An often overlooked item for companies is their current employee noncompete agreements. Companies typically use standard wording and forms for years and do not look at updating the language in light of current best practices and changes in the law. It is important that companies review their noncompete agreements periodically – not just the standard template, but those agreements currently in place for their key employees.
A new case out of the Ohio Supreme Court demonstrates the importance of companies ensuring that the language of employee noncompete agreements includes all of the key provisions. In Acordia of Ohio v. Fishel (pdf), the Ohio Supreme Court held that an earlier corporate merger started the clock ticking on noncompete agreements where the agreements did not include adequate language to extend to other employees, such as successors, mergers or assigns.

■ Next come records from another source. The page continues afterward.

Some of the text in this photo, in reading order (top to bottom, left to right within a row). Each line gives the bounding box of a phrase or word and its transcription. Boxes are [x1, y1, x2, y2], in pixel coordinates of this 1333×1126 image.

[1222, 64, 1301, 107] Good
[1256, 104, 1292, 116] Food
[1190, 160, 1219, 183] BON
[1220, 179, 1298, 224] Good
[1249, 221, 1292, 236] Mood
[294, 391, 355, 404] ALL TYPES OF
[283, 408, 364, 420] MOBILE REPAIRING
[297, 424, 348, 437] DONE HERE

In light of the Acordia decision, companies should review their existing noncompete agreements with key employees to make sure the agreements provide for enforcement by successor employers in the event the company ceases to exist in its current form or otherwise sells the business to another company. The successors and assigns language must be broad enough to contemplate various forms of transfer (e.g. asset sale, stock sale, etc.) to provide for automatic continuation or survival of the agreement. Further, companies who are acquiring other business will want to review the target’s employee noncompete agreements to ensure they contain sufficient language or otherwise require the execution of new noncompetes as part of the transaction.